By Alexander Clarkson

Whether it is a democracy or a dictatorship, a state that loses a long war usually faces a dangerous reckoning. For four decades the ideological foundations of the Islamic Republic of Iran were anchored on recurring confrontations with the United States and Israel. This struggle was not only a geopolitical fault line, it also provided a foundational narrative for the domestic legitimacy of Iran’s ruling elite. As the prospect of Iran losing that conflict becomes real in the wake of relentless Israeli and American airstrikes, the Iranian state now teeters on the edge of destabilisation that may prove profoundly dangerous for the wider world.

In the wake of the Hamas attack on Israeli communities along Gaza’s borders on 7 October 2023 and the attacks on Israel by Hezbollah and other Iran-backed militias in the months that followed, Israel’s Prime Minister Benjamin Netanyahu seized every opportunity to weaken Supreme Leader Ayatollah Ali Khamenei’s theocratic regime in Tehran.

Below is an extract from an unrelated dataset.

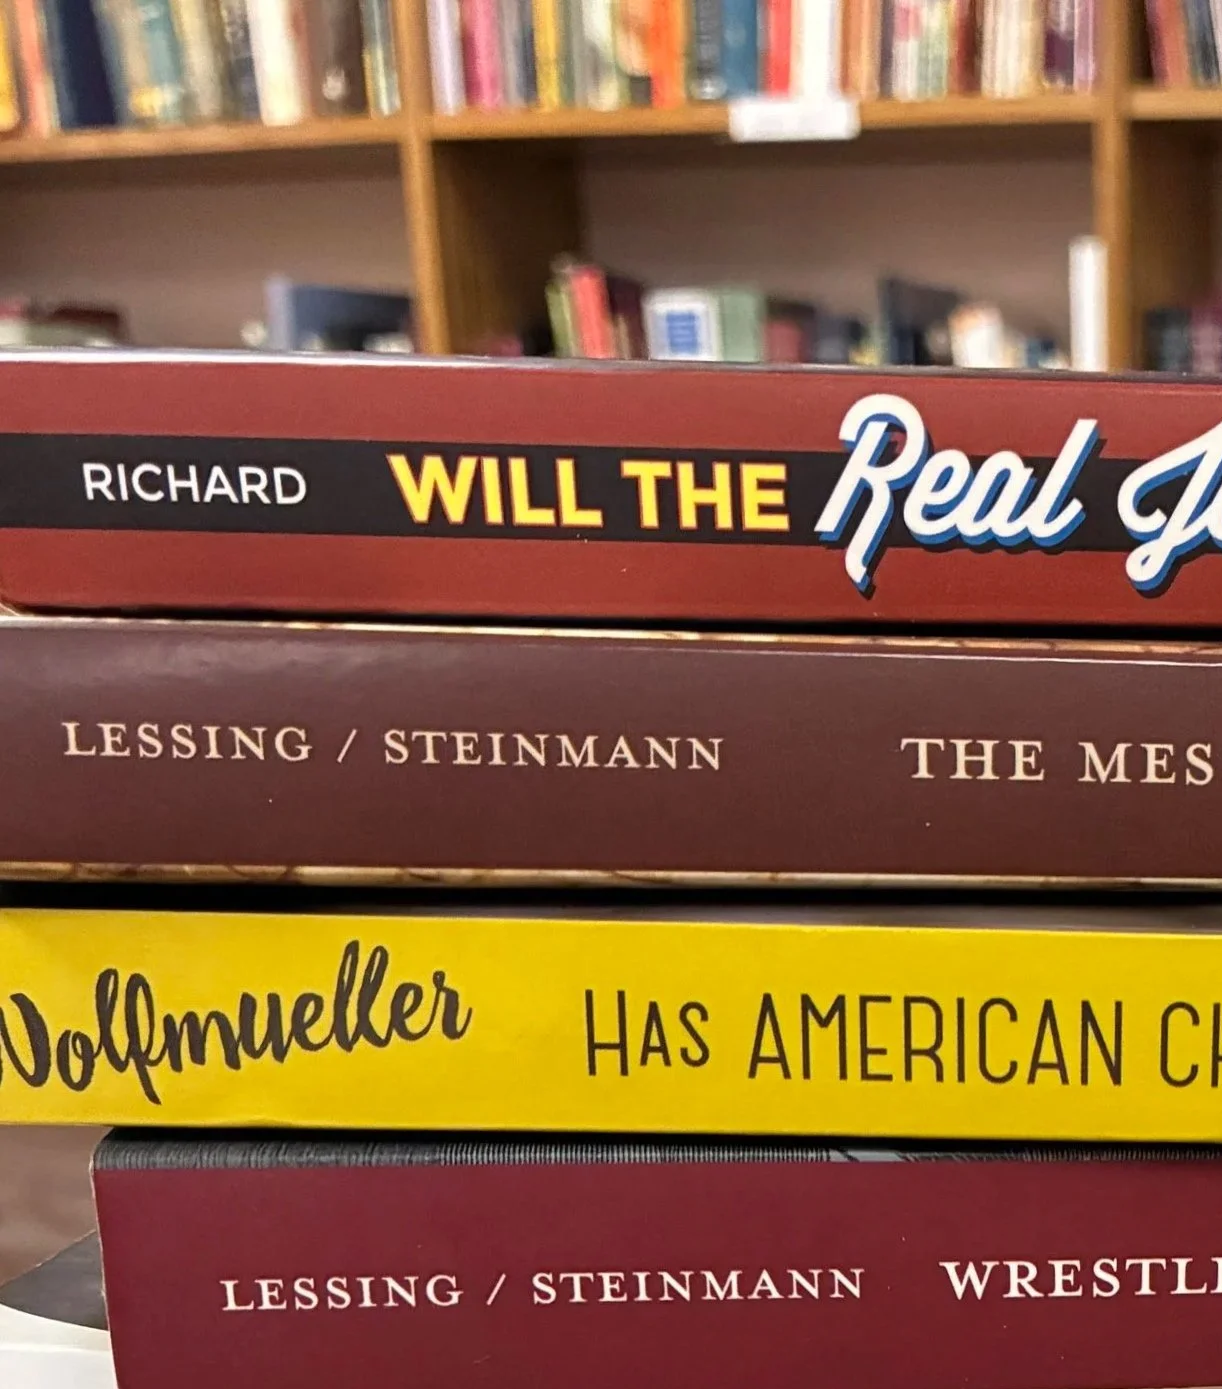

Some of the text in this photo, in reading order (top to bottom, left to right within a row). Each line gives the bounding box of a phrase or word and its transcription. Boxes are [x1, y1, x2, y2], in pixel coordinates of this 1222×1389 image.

The airpower campaign Israel initiated on 13 June to destroy Iran’s nuclear weapons programme cannot topple the Khamenei regime overnight, but economic collapse and public frustration after a military defeat would undermine the foundations of the Islamic Republic. Despite long standing demands for regime change in Iran among American neo-conservatives and Israeli hawks, the US and Israeli governments have not produced a credible plan for what comes next after Iran’s social order falls apart. 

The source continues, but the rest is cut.